Spatial and Physical Organisation of the Mammalian Nucleus

The nucleus is a dynamic and highly adaptable structure, essential for eukaryotic cell survival and function. As the largest and stiffest organelle in the cell, the nucleus is especially sensitive to mechanical input. As a result, it is becoming increasingly evident that in addition to housing and protecting genomic material, the nucleus is capable of not only sensing but adapting and responding to its physical and biochemical environments. Considerable effort has been made in the past years to understand how mechanical cues can affect nuclear structure and nuclear processes. However, less is known regarding how the activation of cellular pathways and nanoscale organisation of nuclear proteins can affect local and overall nuclear mechanics and mechanotransduction. A link between nuclear activity and the mechanical properties of the nucleus also becomes more evident as chromatin arises as a major contributor to cell stiffness. The work presented in this thesis employed a multidisciplinary approach to study nuclear architecture and function – from large-scale nuclear adaptation to external stimuli and signalling pathways, to the nanoscale organisation of nuclear activity. As this thesis was written in manuscript format – as a collection of peer-reviewed publications or pre-print manuscripts submitted to different journals - my work is shown alongside that of others. For this reason, throughout the thesis, I use ‘we’ instead of ‘I’ when describing findings. For clarification on my individual contributions, I have detailed the work I performed for each manuscript at the beginning of each results chapter.

In a first instance, this thesis describes how chromatin is a major contributor to the viscoelastic response of the nucleus to mechanical strains. An important outcome of the work shown here was the understanding that chromatin mechanics are not homogeneous throughout the organelle. The work led by Lherbette and myself proposes that chromatin crosslinking, possibly by regulatory DNA-binding proteins, is important in defining the material properties and the mechanical response of the nucleus (Lherbette et al., 2017). This suggests that nuclear activity can directly impact the mechanical state of the organelle. To test this, I then investigated how DNA damage and activation of DNA repair signalling pathways affects nuclear stiffness. My work shows that, following cisplatin treatment, ATM kinase-dependent large-scale chromatin decondensation causes nuclear softening (dos Santos et al., 2021). This further supports our hypothesis, showing a clear link between biochemical processes and mechanical changes to the organelle. Furthermore, it highlights the importance of proteins that modulate nuclear processes, such as DNA repair factors, transcription regulators and proteins that regulate chromatin architecture. An example of a protein with important roles in transcription regulation and chromatin architecture is Myosin VI. This molecular motor is mostly known for cytoplasmic functions in cargo transport, endocytosis and cell adhesions. Interestingly, recent work has linked it to gene pairing events and RNA Polymerase II regulation. However, at the time of the work presented here, it was not yet clear how Myosin VI nuclear activation occurs or the molecular mechanism through which the protein performs it regulatory role in transcription. Here, we investigated how nuclear Myosin VI is activated and how this activity impacts RNA Polymerase II organisation and dynamics (Hari-Gupta et al., 2020).
We defined a general activation model for Myosin VI, whereby interactions with binding partners, such as the nuclear dot protein 52 (NDP52) or Disabled-2 (Dab2) release the protein from its auto-inhibited state and allow its dimerization and motor processivity (dos Santos et al., 2020; Fili et al., 2017). This motor activity of Myosin VI is essential for RNA Polymerase II clustering at transcriptional sites. In particular, the work presented here proposes that molecular anchoring of nuclear Myosin VI on actin filaments could be essential for increased RNA Polymerase II binding times at transcription initiation sites, leading to higher transcription efficiency.

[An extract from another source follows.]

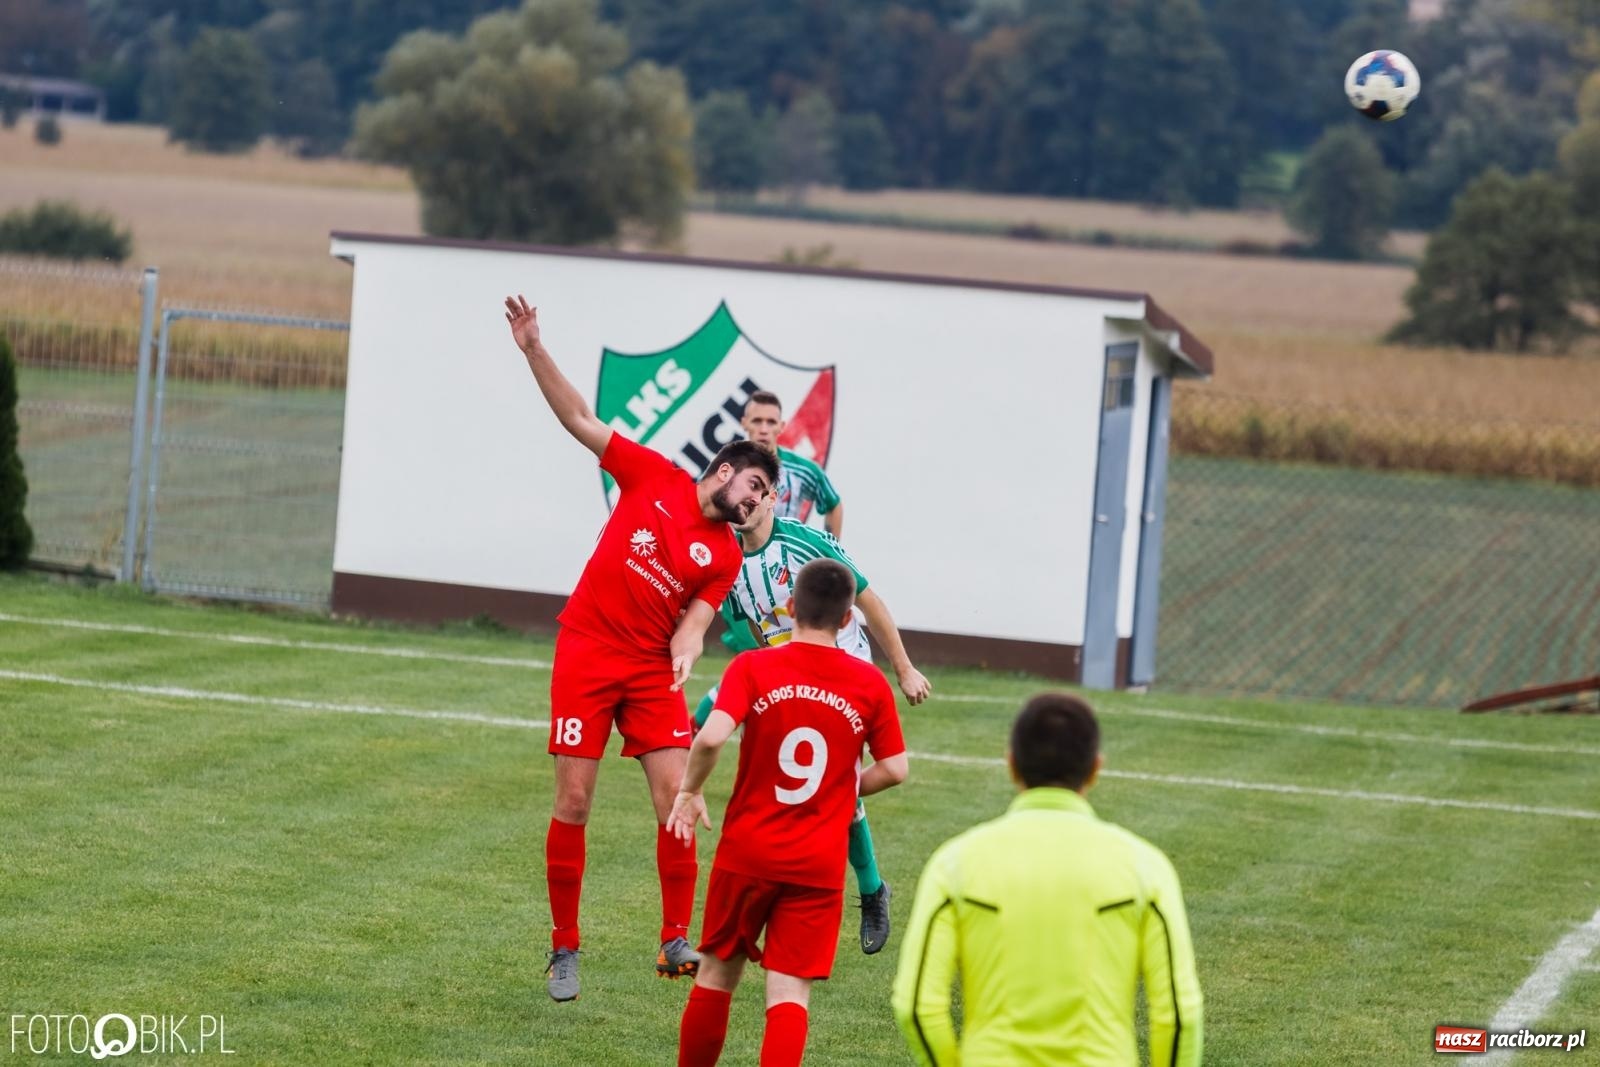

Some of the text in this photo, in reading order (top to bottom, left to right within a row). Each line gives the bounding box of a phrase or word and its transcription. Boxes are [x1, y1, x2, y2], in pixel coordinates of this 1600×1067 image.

As in Fili et al., we explored Myosin VI nuclear activity, we also uncovered novel nuclear roles for its binding partner NDP52 (Fili et al., 2017). NDP52 has been previously described in a cytoplasmic context, where, through interactions with Myosin VI and other autophagy adapters, it participates in the recognition and clearance of pathogens and damaged organelles. However, although NDP52 was first identified in the nucleus and shares high homology with a transcription coactivator (the Coiled-coil coactivator, CoCoA), until the study presented in this thesis, no clear functions had been attributed to the protein. My work indicates that NDP52 is involved in RNA Polymerase II transcription, through two possible mechanisms: either through direct interactions with transcription machinery and co-regulators, or through direct/indirect changes to chromatin structure (dos Santos et al., 2022).

Overall, this thesis describes different aspects of nuclear architecture, from overall organelle structure to the spatial distribution of enzymatic nuclear activity.